Dutch sailors first visited the island chain of Mauritius in 1598, and less than two centuries later the archipelago’s native dodo went extinct. Sailors relied on the birds as sustenance during long voyages at sea, but that isn’t the primary reason they died out; habitat and the introduction of invasive species like rats and pigs ultimately wiped out the animal. Though humans did eat dodo meat, it was more for survival than taste. The last person to spot a dodo, an English sailor named Benjamin Harry, called its flesh “very hard.” The Dutch word for dodo was walghvodel, or “disgusting bird.”
6. Steller’s sea cow
German naturalist Georg Wilhelm Steller identified the Steller’s sea cow around the Commander Islands in the Bering Sea in 1741. Growing up to 30 feet long, it was significantly larger than the sea cows alive today. It was also pretty tasty. The salty meat was compared to corned beef, and the fat apparently tasted like almond oil. Sailors reportedly sipped the liquified blubber out of cups. Steller’s sea cows were a source of leather and lamp oil as well as meat, and the animal was hunted to extinction by 1768—less than 30 years after it was first described.
Wooly mammoth meat was an important component of the diets of our earliest human ancestors. We ate so much of them that hunting may have contributed to their extinction around 2000 BCE (though climate change was likely a bigger factor). Despite being extinct for thousands of years, several modern scientists and explorers have claimed they’ve tasted mammoth flesh. Because mammoth specimens are often found perfectly preserved in the frigid Arctic, they could technically be thawed and consumed.
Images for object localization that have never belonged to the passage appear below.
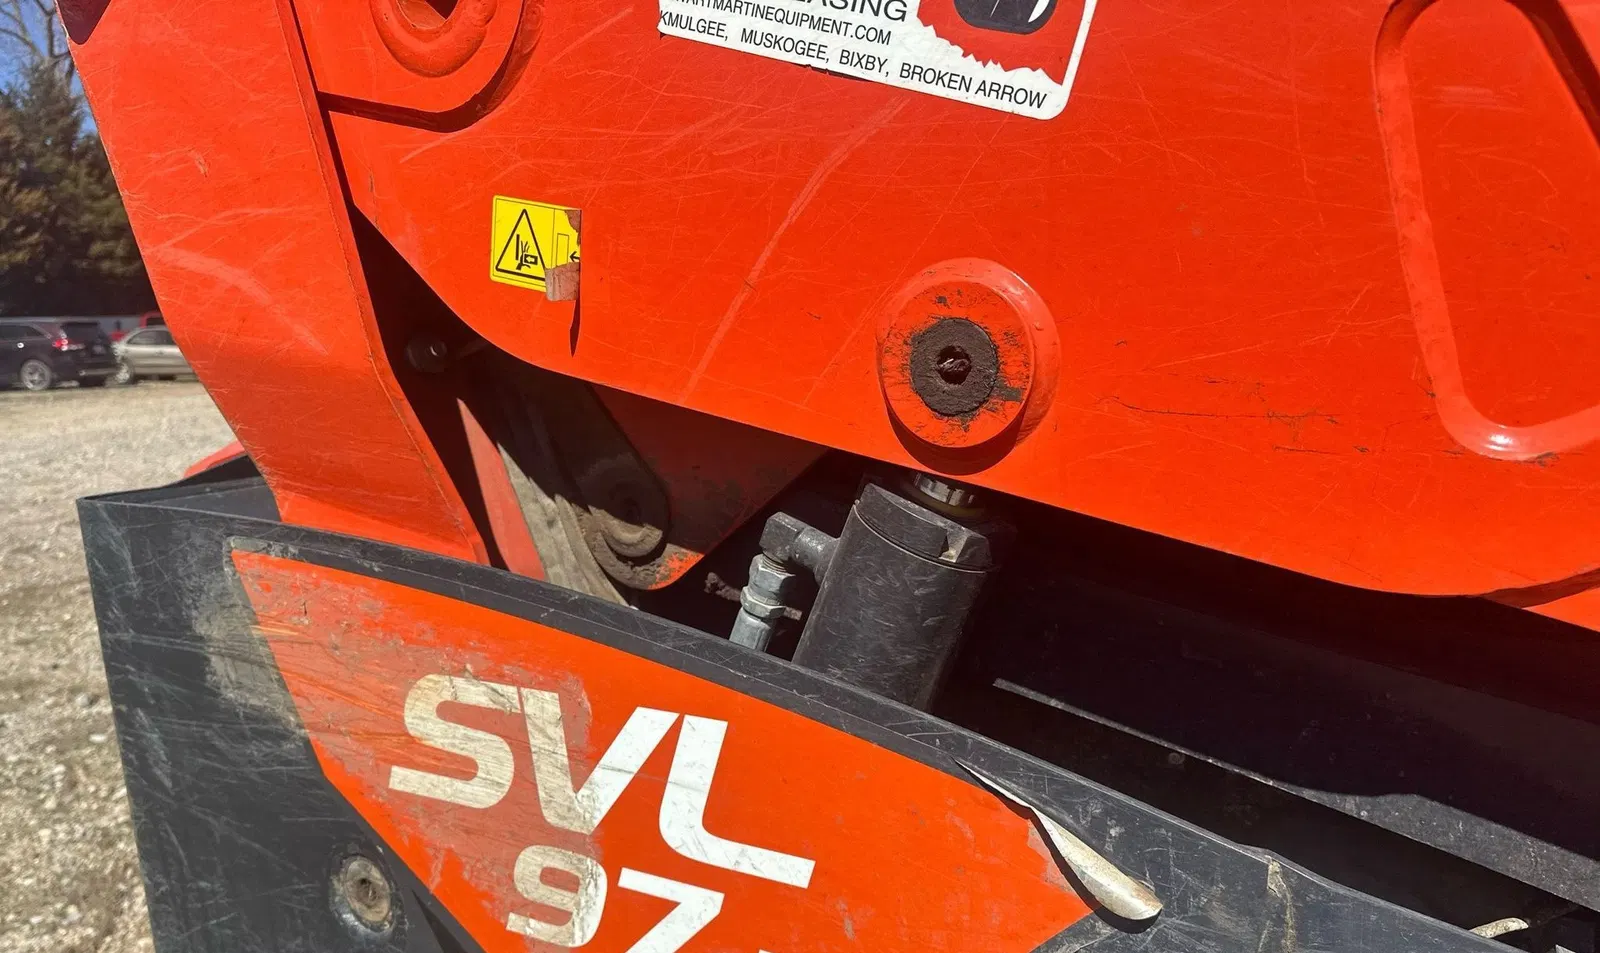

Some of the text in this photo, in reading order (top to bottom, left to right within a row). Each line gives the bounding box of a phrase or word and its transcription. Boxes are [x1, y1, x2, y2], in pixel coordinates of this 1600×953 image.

[740, 28, 830, 63] MUSKOGEE,
[839, 49, 889, 77] BIXBY,
[899, 62, 973, 92] BROKEN
[975, 80, 1047, 109] ARROW
[388, 673, 816, 889] SVL
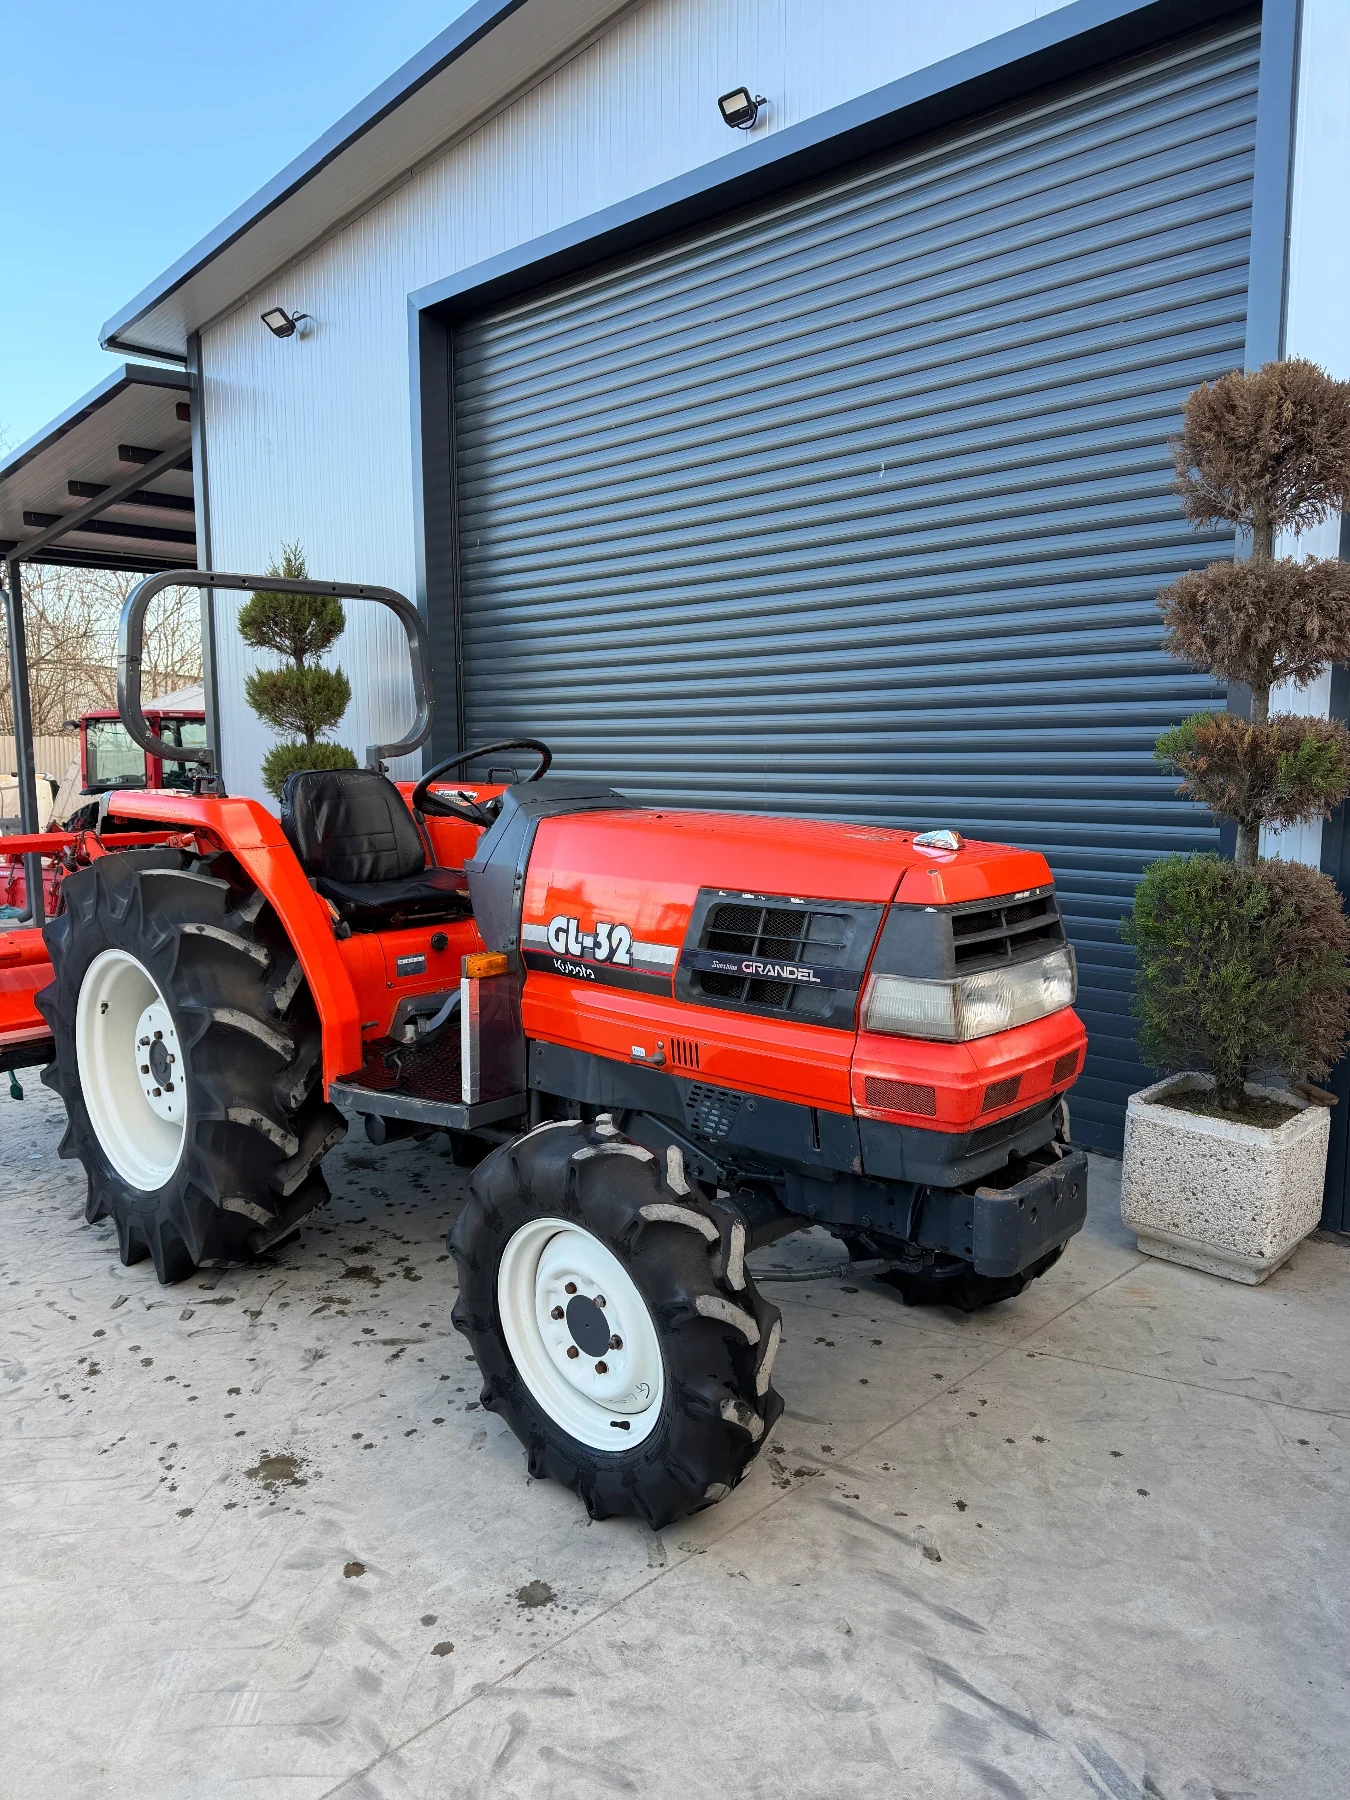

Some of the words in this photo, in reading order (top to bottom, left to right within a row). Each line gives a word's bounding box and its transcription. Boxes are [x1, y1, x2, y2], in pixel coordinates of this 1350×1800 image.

[547, 914, 632, 967] GL-32
[553, 958, 596, 979] Kubota
[741, 961, 821, 983] GRANDEL
Unfortunately this doesn’t give us much insight into how the game tasted tens of thousands of years ago: Meat that’s been frozen for that long turns into rancid goo when defrosted. Bon appétit.
8. Taliaferro apple
Thomas Jefferson cultivated Taliaferro apples at Monticello. In an 1814 letter to his granddaughter, Jefferson said the small fruit produced “unquestionably the finest cyder we have ever known, and more like wine than any liquor I have ever tasted which was not wine.” Though it’s believed that the apple was lost with the estate’s original orchard, some horticulturists still hold out hope for its survival—but with few written descriptions of the fruit available, we likely wouldn’t be able to identify Jefferson’s apple even if we did find it.
9. Great auk
Modern humans primarily killed great auks for their down, leading to the species’s extinction in the mid-19th century, but prior to that they were hunted for dinner. Fossil evidence indicates that Neanderthals were cooking the flightless birds over campfires as far back as 100,000 years ago. The Beothuk people of what is now Newfoundland, Canada, used great auk eggs to make pudding.
10. Ancient bison
Before the American bison was nearly hunted to extinction in the 19th century, Bison antiquus, or the ancient bison, died out 10,000 years ago. Bones have been recovered showing evidence of butchering with tools. This suggests that Native Americans relied on the ancient bison for food as they did with its modern ancestors.
11. Old Cornish Cauliflower
Old Cornish cauliflower wasn’t famous for its taste, but it did have one advantage over other varieties. The vegetable was resistant to a destructive plant virus called ringspot. In the 1940s, European growers began replacing Old Cornish cauliflower with a French variety that shipped better, and it was extinct by the 1950s. As a result, ringspot has decimated cauliflower crops in certain regions of Britain.